The 2014 Women's Challenge Cup was an English rugby league knockout tournament competed for during the summer of 2014. The Challenge Cup was won by Thatto Heath St Helens who beat Bradford Thunderbirds 32–24 in the final. The Challenge Shield was won by Fetherstone Rovers who beat Stanningley 64–14 in the final.
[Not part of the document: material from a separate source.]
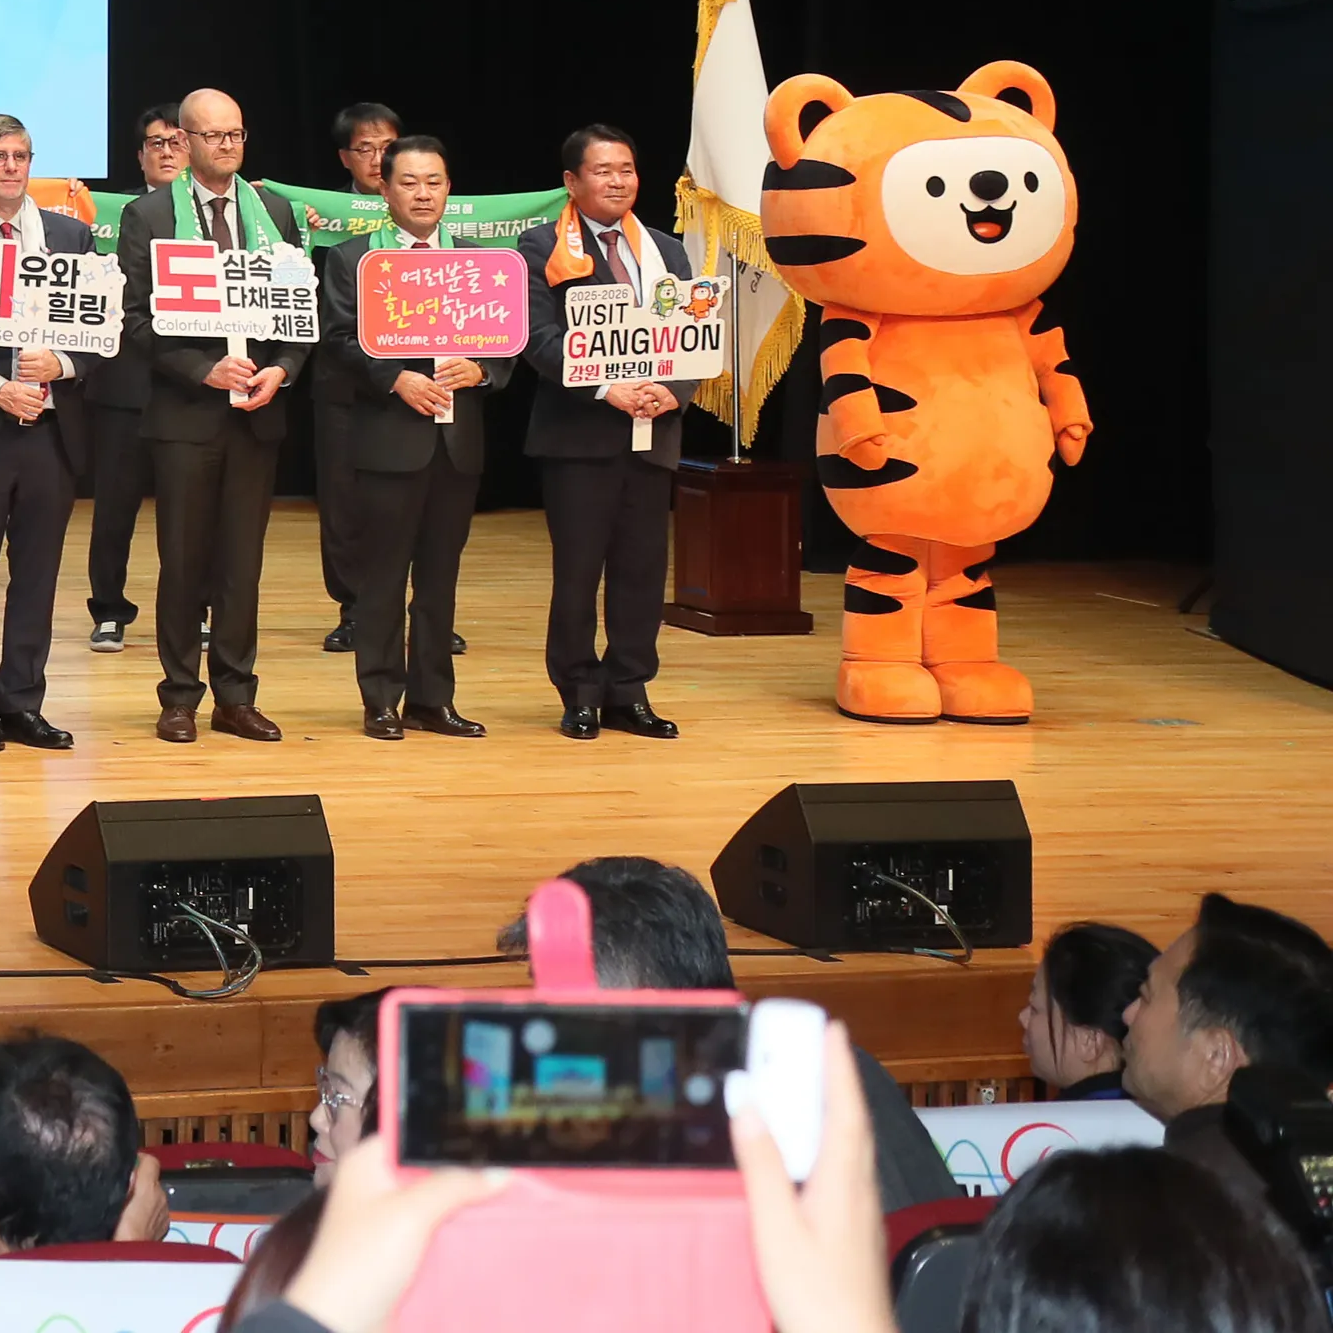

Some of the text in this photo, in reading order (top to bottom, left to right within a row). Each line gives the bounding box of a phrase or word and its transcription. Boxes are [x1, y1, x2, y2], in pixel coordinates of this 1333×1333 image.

Both finals took place on 3 August 2014 at the Tetley's Stadium, Dewsbury.

==Preliminary round==
Matches in the preliminary round took place on 27 April and 4 May:
- Cumbria Crusaders 0 – 46 Wigan St Patricks
- Oulton Raidettes 20 – 18 Selby Warriors

==Round One==
The first round took place on 11 May:
- Bradford Thunderbirds 48 – 6
- Fryston Warriors 70 – 6 Hunslet Hawks
- Normanton Knights 22 – 20 Featherstone Rovers
- Rochdale Hornets 8 – 18 Oulton Raidettes
- West Craven Warriors 4 – 76 Army RL

==Round Two==
The second round took place on 15 June:
- Bradford Thunderbirds 78 – 0 Oulton Raidettes
- Brighouse 8 – 48 Fryston Warriors
- Thatto Heath St Helens 30 – 16 Army RL
- Normanton Knights – ?

==Semi Finals==
The semi-finals had been completed before 24 July when the venue for the final was confirmed.

==Final==
The fixture was a repeat of the 2013 Final which had been won by Thatto Heath. The 2014 final took place on 3 August at the Tetley's Stadium, Dewsbury. The score was Thatto Heath St Helens 32–24 Bradford Thunderbirds.

==Challenge Shield==
===Shield Round One===
The first round took place on 15 June:
- Rochdale Hornets 0 – 72 Featherstone Rovers
- Selby Warriors 30 – 14 West Craven Warriors
- Stanningley 34 – 16 Leigh Miners Rangers

===Shield Semi Finals===
The semi-finals had been completed before 24 July when the venue for the final was confirmed.

===Shield Final===
The final took place on 3 August 2014 at the Tetley's Stadium, Dewsbury. The score was Featherstone Rovers 64–14 Stanningley.